Themes and Meanings

(Masterpieces of American Fiction)

Dom Casmurro provides a wonderfully complex and profoundly human psychological portrait of a character presenting the tragic events of his domestic life and wrestling, albeit on a subtextual level, with his potential role in them. On the surface, Bento’s narrative seems designed to tell his side of his story in such a way that his reader will agree with his conclusion that he was indeed a victim of his wife and best friend. Bento puts his skills as a lawyer to extensive use, as he manipulates both language and fact to his side’s advantage so that he will convince the “jury” and thus acquit himself of any wrongdoing. The problem for Bento is that he frequently seems like a lawyer defending a client of whose innocence he is not completely convinced. This accounts for his frequent self-incriminating comments regarding his own character, his weak evidence regarding Capitú’s guilt, and his rather diluted emotions at the end of the novel. While he does indeed appear to defend himself, it often seems that his heart simply is not fully in it—and perhaps with good reason, for possibly he knows, or at least suspects, the truth.

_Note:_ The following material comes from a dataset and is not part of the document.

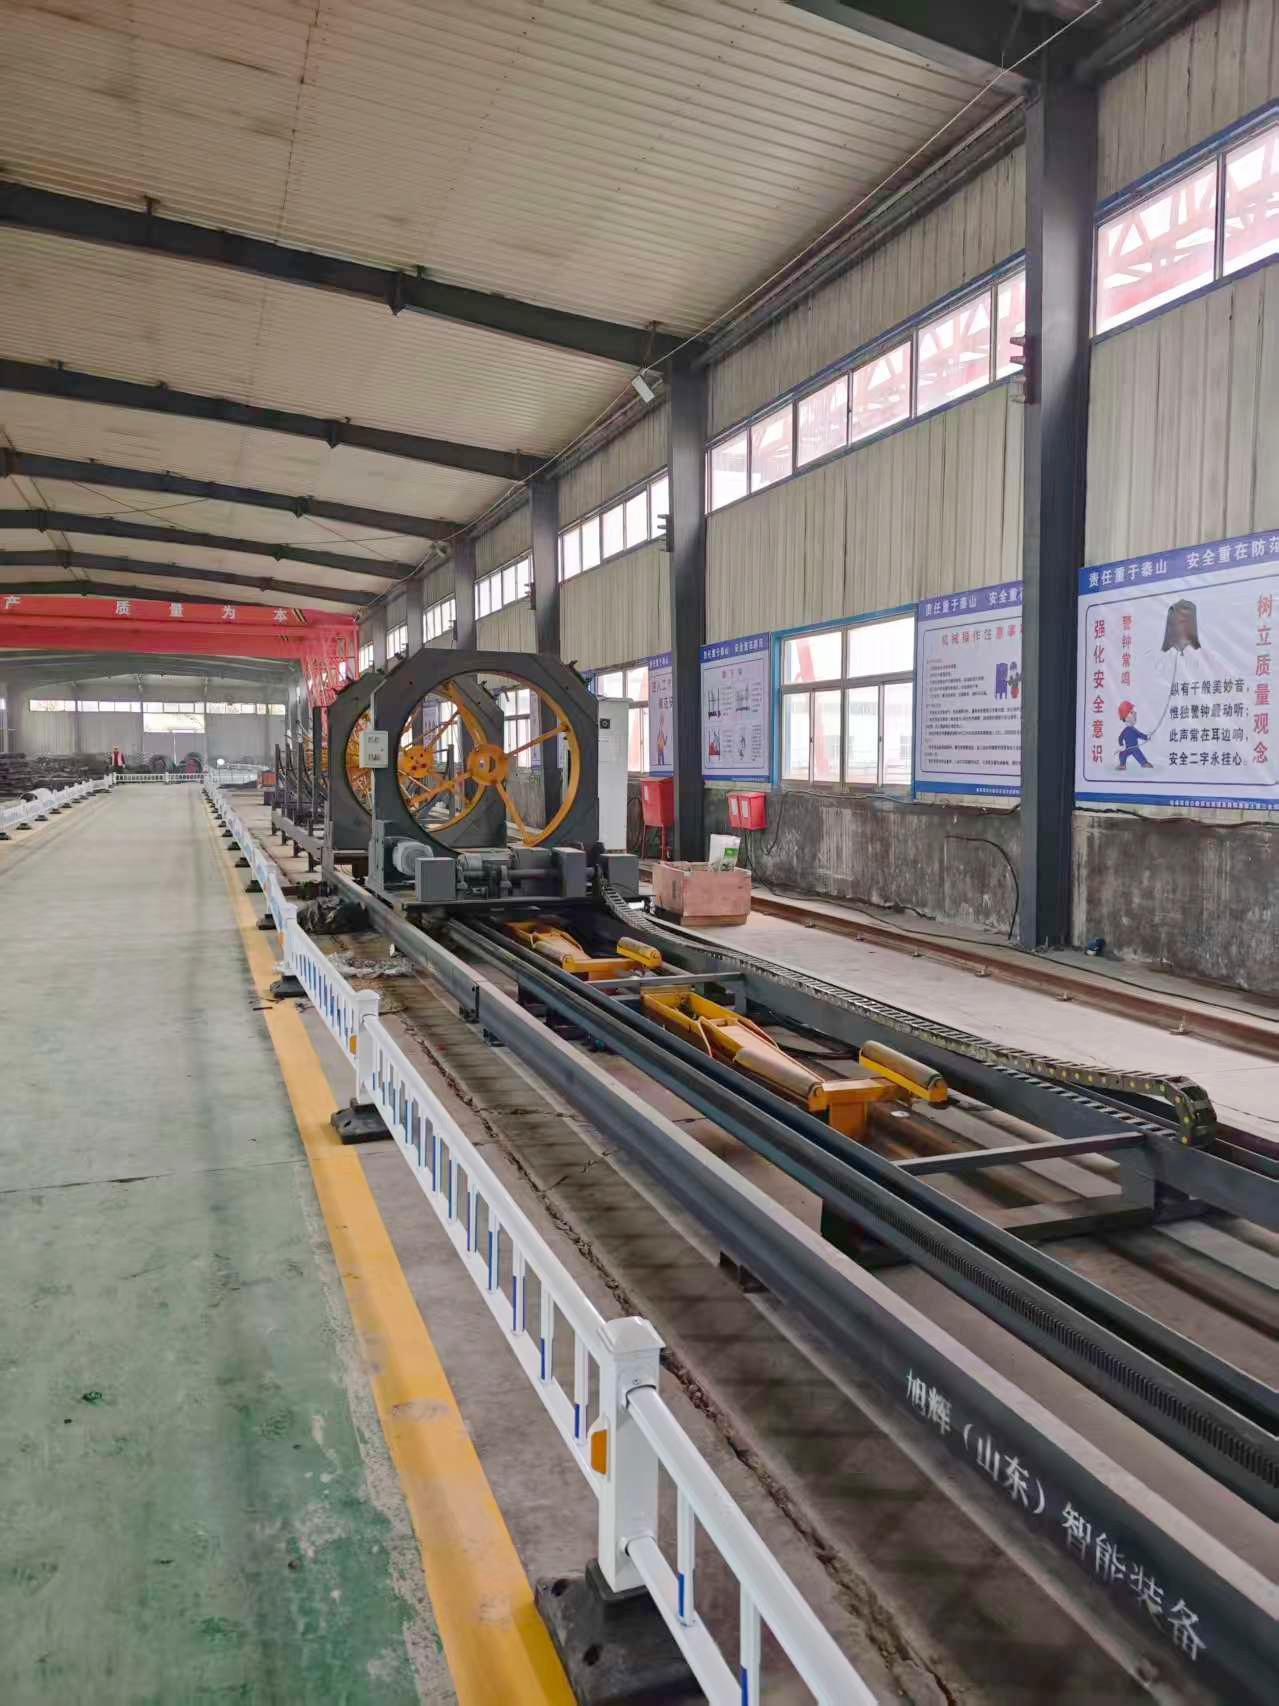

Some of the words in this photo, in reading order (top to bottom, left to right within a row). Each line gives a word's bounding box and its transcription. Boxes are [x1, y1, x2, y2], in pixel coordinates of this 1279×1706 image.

Like so many truly memorable pieces of literature, Dom Casmurro, besides providing a telling interior portrait of a tortured soul, is also an open-ended, interpretation-rich collection of ambiguity. Unlike so much literature of the period, in which the conclusions the reader should reach are clearly spelled out, Machado’s novel deliberately leaves its greatest question—that concerning Capitú’s guilt—unanswered, and essentially unanswerable. Even the narrator/protagonist is confused as to whether he was right or wrong in his accusations, and his circumstantial evidence and his acutely jealous nature, as well as the fact that the reader has access to but one character’s perspective, leave the reader only to speculate on who the real victims are in this tragic and complex tale.

Machado’s novel is not a criticism of Brazilian culture of the period or a critique of male-female relations but is instead a story about one individual’s interpretation of events and his ability to believe that his interpretation coincides with truth, a belief that would free him of the guilt that comes from being wrong. He tries to win the sympathy of his reader, but he must first perhaps win his own.